L'eterogeneità della genealogia di Urano è dovuta al fatto che essa è una commistione di molte leggende e racconti, ma soprattutto un'interpretazione simbolica di cosmogonie dotte; così Urano non ha praticamente nessuna parte nei miti ellenici.
Tuttavia, Esiodo conserva il ricordo di due profezie, attribuite congiuntamente, ad Urano e a Gaia: anzitutto, quella che aveva avvertito Crono che il suo regno sarebbe finito dopo che egli fosse stato vinto da uno dei suoi figli.

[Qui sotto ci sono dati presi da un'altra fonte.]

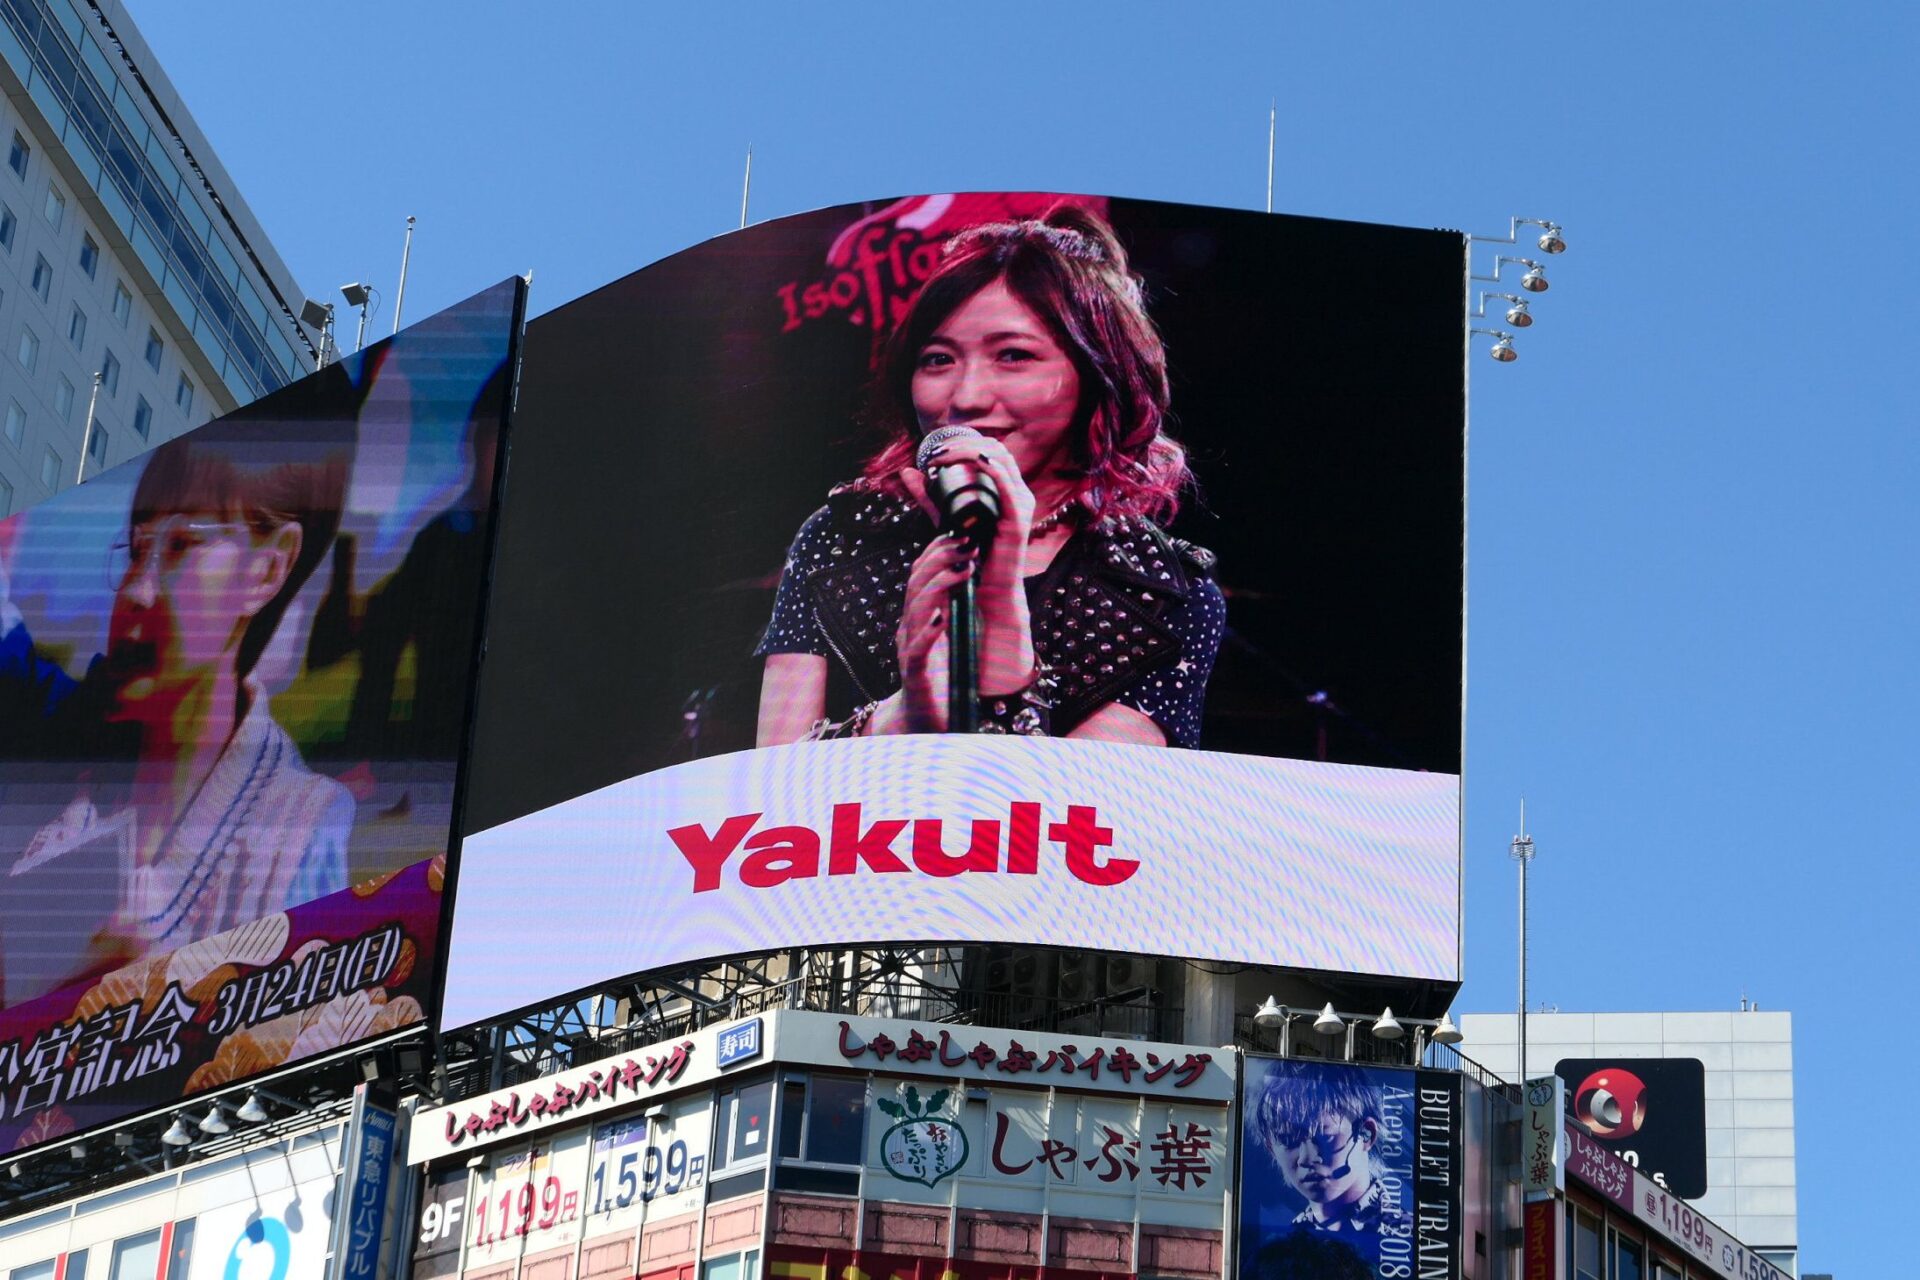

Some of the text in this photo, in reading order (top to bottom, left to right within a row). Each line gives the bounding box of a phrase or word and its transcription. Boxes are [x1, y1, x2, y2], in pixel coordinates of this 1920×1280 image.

[666, 801, 1140, 894] Yakult
[720, 1026, 757, 1059] 寿司
[838, 1020, 1213, 1088] しゃぶしゃぶバイキング
[445, 1040, 696, 1144] しゃぶしゃぶバイキング
[992, 1111, 1212, 1192] しゃぶ葉
[1379, 1082, 1414, 1279] Arena Tour 2018
[1418, 1086, 1451, 1280] BULLET TRAIN
[1530, 1110, 1550, 1185] しゃぶ葉
[1577, 1132, 1628, 1184] しゃぶしゃぶ
[1580, 1161, 1625, 1200] バイキング
[350, 1135, 386, 1277] 東急リバブル
[420, 1197, 465, 1243] 9F
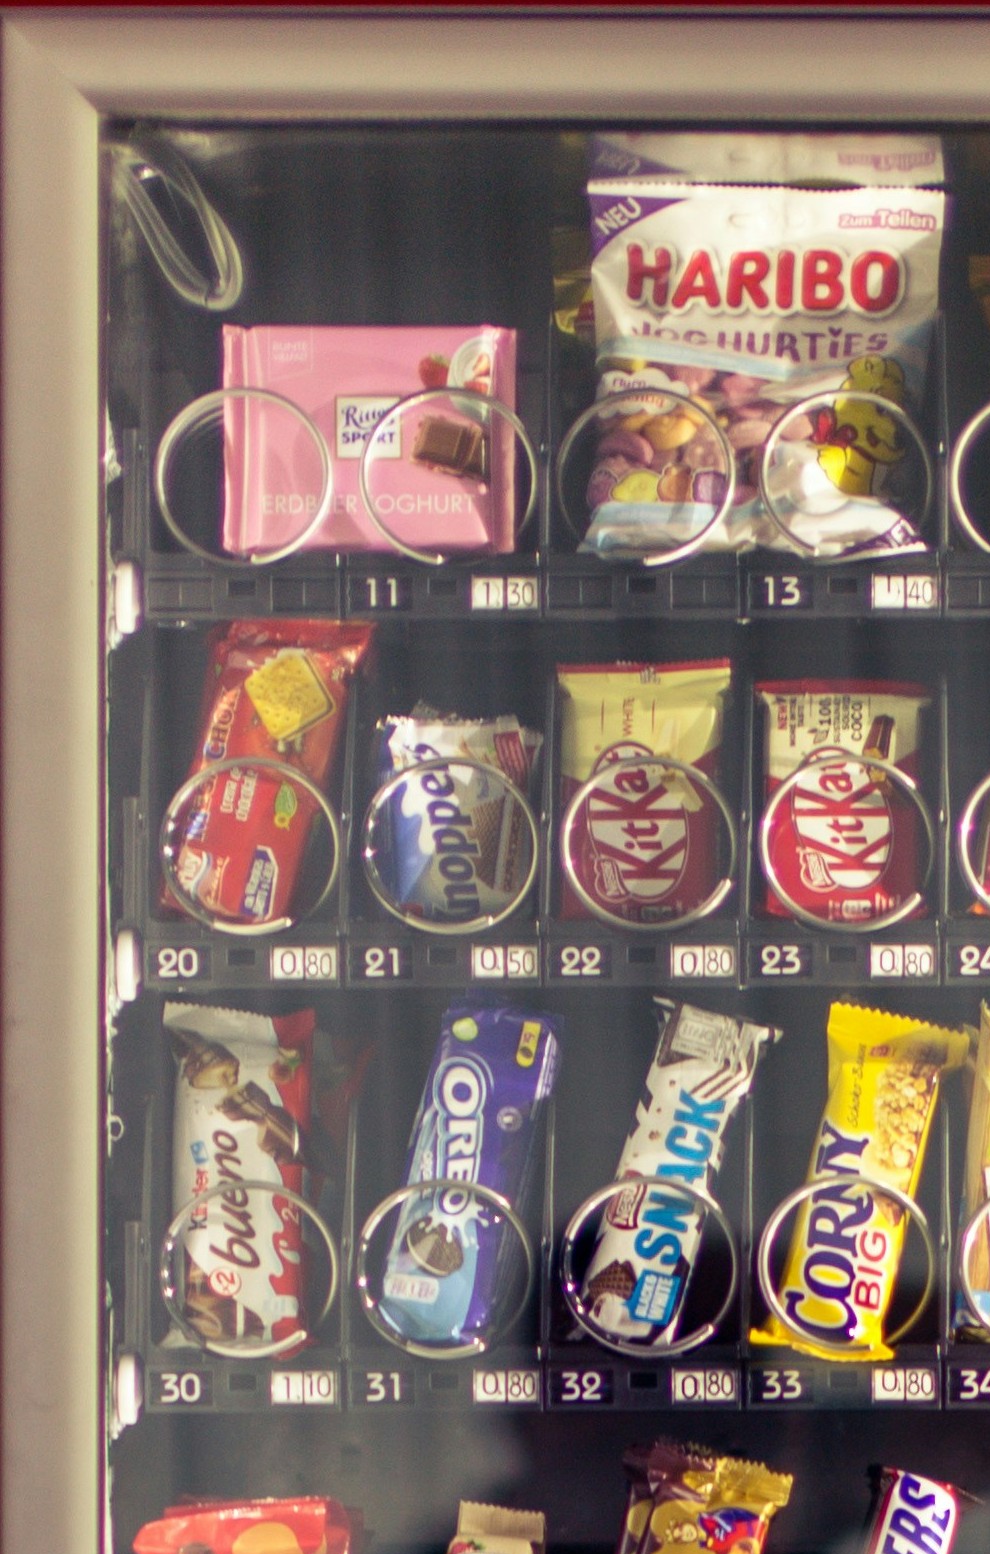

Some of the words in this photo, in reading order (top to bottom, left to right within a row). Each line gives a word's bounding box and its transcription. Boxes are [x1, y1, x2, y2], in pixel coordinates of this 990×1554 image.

Poi, la profezia fatta a Zeus, che lo metteva in guardia contro il figlio che avrebbe avuto da Meti (la "Prudenza", o in senso negativo, "la Perfidia"). Proprio obbedendo a questa profezia egli inghiottì Meti, con la conseguenza che poi dalla testa di Zeus sarebbe nata Atena.
Infine, Filone di Biblo ci riporta una leggenda siriana di Urano e Crono.
Il dio era sentito, nel suo complesso, piuttosto remoto, lontano dalla vita quotidiana degli uomini. Ciò spiega, forse, il motivo per cui non sono ricordati luoghi di culto o altari eretti in suo onore.
Le principali notizie si leggono nella Teogonia esiodea: cenni anche in Platone (Timeo 40e), nella Biblioteca di Apollodoro (1.1.1 ss), in Diodoro Siculo (3.57 ss), in Cicerone (De natura deorum, 3.17.44), nei Saturnali di Macrobio (1.8.12).
La ricostruzione dell'iconografia di Urano non è certa, per la scarsità di documentazione relativa all'arte greca. Euripide, nello Ione, ricorda e descrive un tappeto nel quale erano raffigurate diverse divinità celesti, tra le quali Urano (Ione 1116). La sua immagine è stata inoltre ricostruita nell'ara di Pergamo dove appare come figura alata. Nell'arte romana Urano è invece più frequentemente rappresentato, anche perché diventa molto spesso la personificazione della volta celeste. È riprodotto sulla corazza della statua di Augusto di Prima Porta.